A minha Greta é melhor que a tua

As questões ambientais são certamente importantes. Essa relevância ficou bem patente em todos os programas políticos que se apresentaram a eleições. Umas medidas tinham carácter mais científico e estudado, outras propostas eram apenas surtos de populismo. No entanto, uma coisa é certa, todos incluíram o ambiente no seu caderno de encargos e todos se achavam mais activistas ambientais que o outro, quase que num concurso para a melhor Greta Thunberg portuguesa.

Dito isto e porque nesta questão em particular, nunca é demais referir que sou a favor de medidas sérias, que procurem minimizar o impacto actual da nossa sociedade e do nosso estilo de vida no ambiente. Por ser tão importante, é em nada abonatório as medidas populistas e os ataques de histerismo público.

Comer é um acto político

André Silva, engenheiro civil de formação, julga saber muito sobre alimentação e jura ser um ambientalista de gema. Engana-se quem achou que a alucinação se restringia a defender o fim dos apoios à criação de gado e à produção de leite. A última posta de pescada que lançou publicamente foi justamente a defender que comer é um acto político. Falaria da esquerda caviar? Alguém informe o Sr. Engenheiro que comer é um acto fisiológico e desde sempre uma necessidade de sobrevivência. A alimentação humana deve procurar ser completa, equilibrada e variada, sem extremismo. Infelizmente para alguns, as escolhas individuais fazem parte da liberdade que conquistamos, por mais que nos tentem limitar.

As vacas sagradas da Universidade de Coimbra

A Universidade de Coimbra decidiu banir a carne de vaca das suas cantinas. Esta medida, para além de ridícula, tresanda a simbolismo inútil. A presença da carne de vaca nas ementas das cantinas universitárias, como todos sabemos, é mínima, não por uma questão de consciência ambiental mas por questões económicas. Os alunos da Universidade de Coimbra não vão salvar o Mundo por não terem carne de vaca na ementa da cantina. Muito menos serão a Índia em Portugal.

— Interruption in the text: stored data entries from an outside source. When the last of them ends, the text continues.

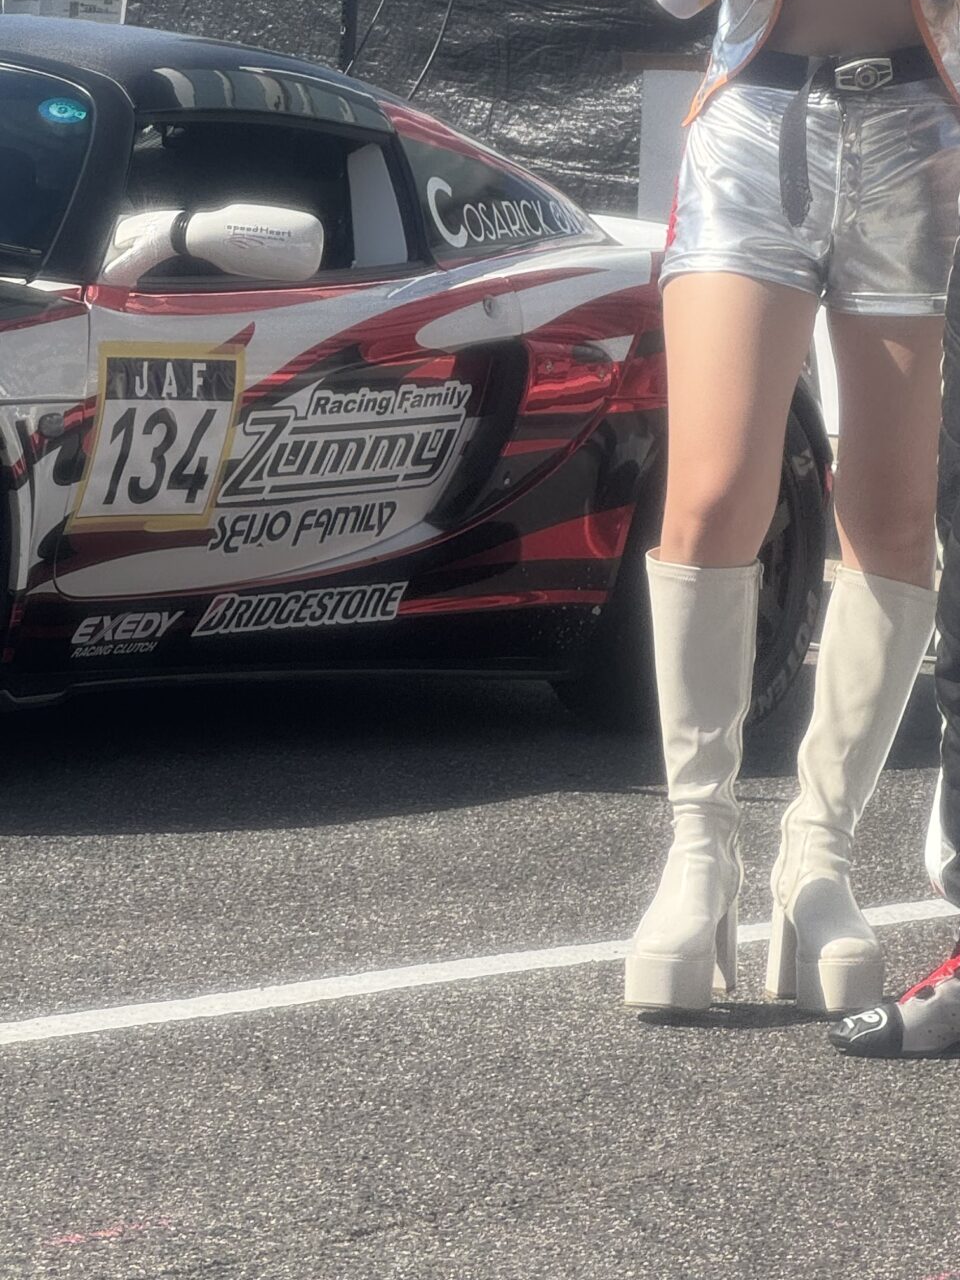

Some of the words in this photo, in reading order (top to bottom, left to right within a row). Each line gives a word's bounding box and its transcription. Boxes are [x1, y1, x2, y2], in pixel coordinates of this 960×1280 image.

[426, 176, 556, 249] COSARICK
[134, 361, 207, 399] JAF
[312, 392, 396, 415] Racing
[397, 387, 469, 411] Family
[102, 407, 218, 505] 134
[70, 610, 185, 646] EXEDY
[191, 581, 409, 638] BRIDGESTONE
[70, 642, 113, 659] RACING
[113, 641, 158, 654] CLUTCH
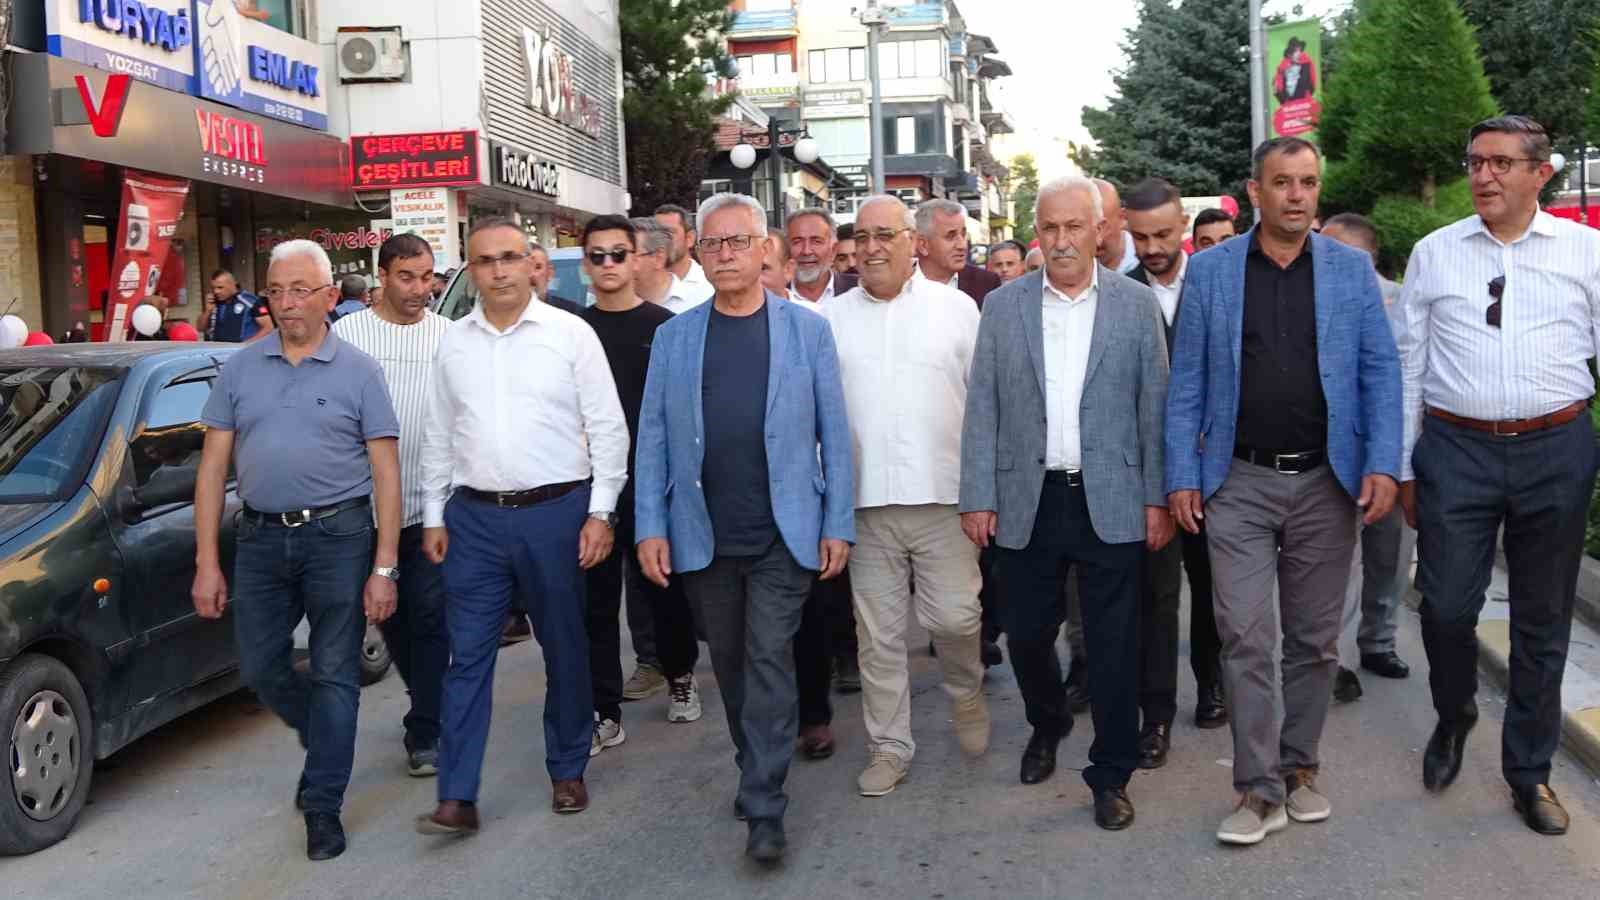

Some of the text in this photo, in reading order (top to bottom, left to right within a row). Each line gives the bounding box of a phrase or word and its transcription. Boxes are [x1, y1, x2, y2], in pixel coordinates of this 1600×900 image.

[104, 53, 159, 81] YOZGAT
[247, 45, 320, 97] EMLAK
[195, 107, 269, 167] VESTEL
[362, 133, 465, 159] ÇERÇEVE
[203, 156, 264, 184] EKSPRES
[358, 155, 470, 185] ÇEŞİTLERİ
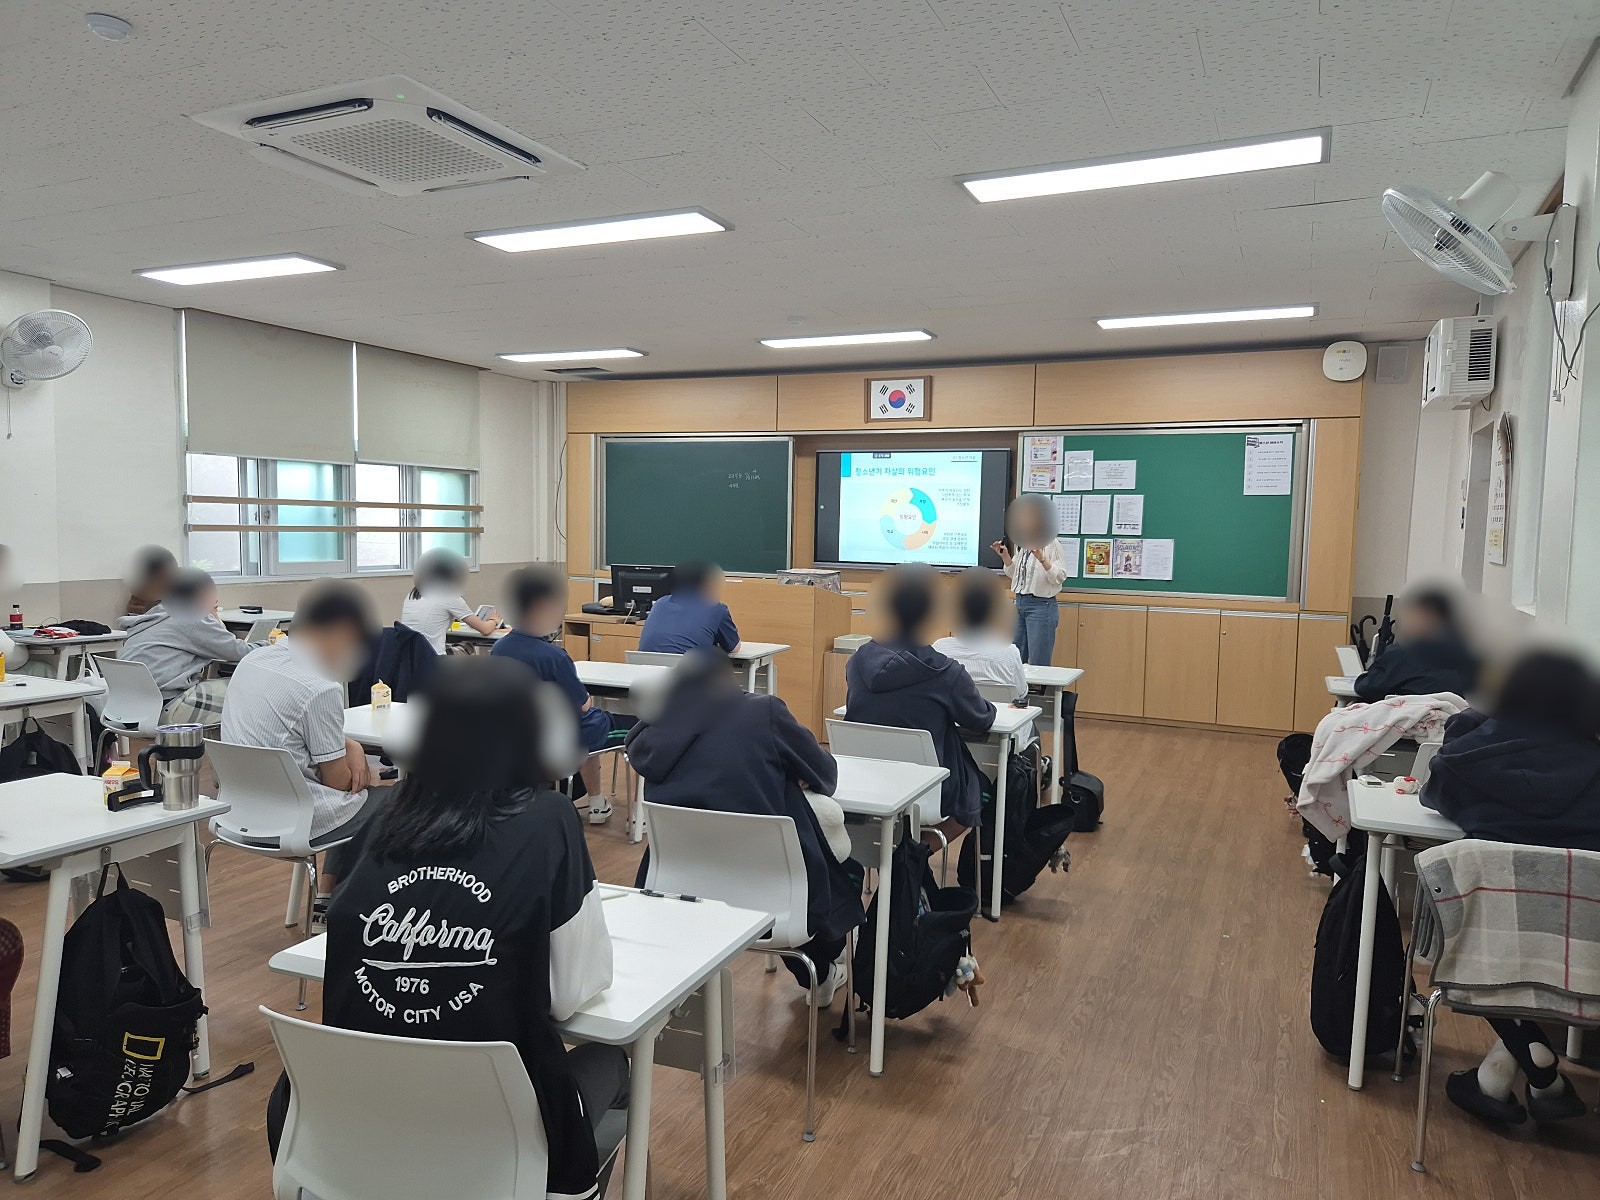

Imposto Sobre produtos Petrolíferos e um Tesla para cada português

Vender a ideia de que os carros eléctricos são o futuro e os veículos menos poluentes tem muito que se lhe diga. Aliás, basta pesquisar um pouco sobre a matéria para perceber que não existe verdadeiramente um consenso. Da mesma maneira, o actual governo nacional não pode vir dizer que está a salvar o planeta Terra ao subir o Imposto Sobre produtos Petrolíferos e que os portugueses têm de trocar os seus veículos movidos a combustíveis fósseis para os eléctricos. Quantos portugueses terão actualmente capacidade financeira para trocar de carro? Pois, não nos atirem areia para os olhos.

Crianças e jovens ao serviço
do fanatismo

Pôr crianças e jovens a limparem as ruas da Funchal para consciencializar para as questões ambientais é só parvo. Acções consequentes e de consciencialização devem ser dirigidas a quem polui, bem como é mandatório, garantir as condições de trabalho necessárias, a quem tem por função a limpeza urbana para que a consiga fazer de forma segura e eficaz.

Em suma, as alterações climáticas são uma realidade para a qual temos de estar despertos. Medidas populistas e carregadas de simbolismos bacocos só fazem cair a causa no ridículo, desmotivam para uma questão que é séria, e para a qual todos nós devemos contribuir.